The state Board of Public Utilities is ready to commit up to $1.9 million now and $19 million over time to entice private companies to study and prepare grant applications for a wind turbine project off the Jersey coast. Trouble is, the state hasn’t decided whether to pursue the project. So spending the money now from the BPU’s Clean Energy Funding is premature. And why should state officials believe they would get an objective assessment of the prospects for wind power from companies with a stake in the outcome?
The BPU’s solicitation of proposals for funding Wednesday follows the recommendation of a blue-ribbon panel to facilitate a test project of wind power as part of the Corzine administration’s commitment to encourage clean, renewable energy.
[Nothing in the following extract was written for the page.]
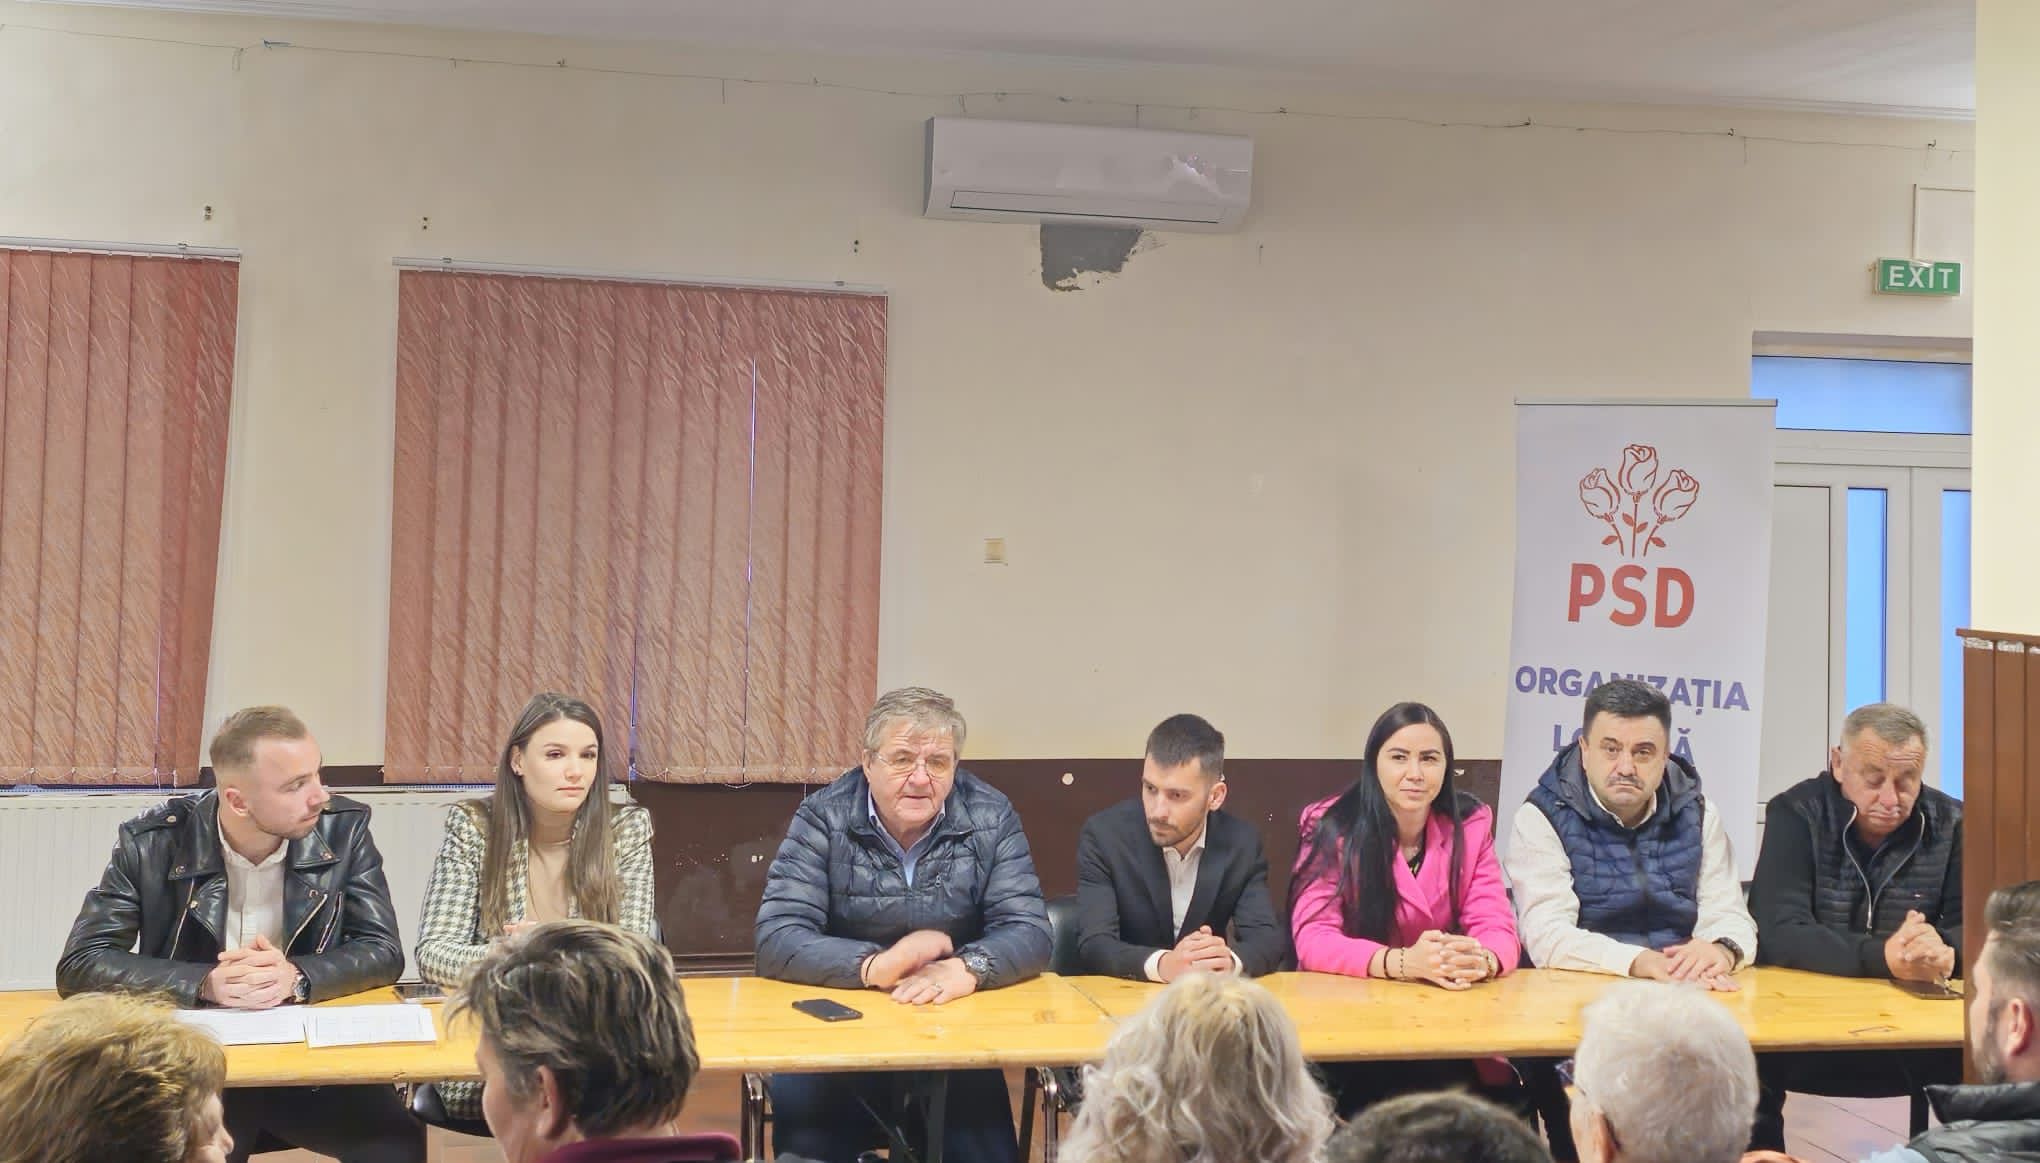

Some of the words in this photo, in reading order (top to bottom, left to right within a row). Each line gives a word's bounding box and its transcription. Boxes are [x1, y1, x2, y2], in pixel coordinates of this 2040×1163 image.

[1888, 265, 1954, 289] EXIT
[1568, 563, 1695, 628] PSD
[1515, 665, 1750, 715] ORGAZAȚIA
The project would likely include 70 turbines and be up to 20 miles off the coast in an area running from Seaside Park to Stone Harbor. It would produce enough power for 125,000 homes.
But the environmental impact and economic questions about offshore wind farms have not been answered. The impact on fishing, wildlife and shipping is important to the state. So is the cost of locating, maintaining and operating such a project. Until it has those answers, the state is “putting the cart before the horse,” as Tim Dillingham of the American Littoral Society said after learning of the BPU’s solicitation.
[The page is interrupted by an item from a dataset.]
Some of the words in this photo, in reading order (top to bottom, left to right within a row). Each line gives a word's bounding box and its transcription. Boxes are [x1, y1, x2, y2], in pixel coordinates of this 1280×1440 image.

At least one company, Bluewater Wind of Hoboken, expects to submit a proposal. “This was very exciting news,” said spokesman James S. Lanard. The New Jersey project could produce 350 megawatts and cost the company more than $1 billion, Lanard said. Bluewater Wind also has proposed a 450-megawatt wind farm off the Delaware coast.
BPU President Jeanne M. Fox tried to assure skeptics that “nothing would go forward in the ocean” until state officials are confident the environment would be protected. But it would be too easy for the companies doing the studies to minimize the environmental and economic downsides to win the contract, knowing that the BPU will pay the remainder of the $19 million based on electricity produced over five years.
The state would be far better off with studies of offshore wind farms from truly independent sources. The BPU could get that for far less than $1.9 million.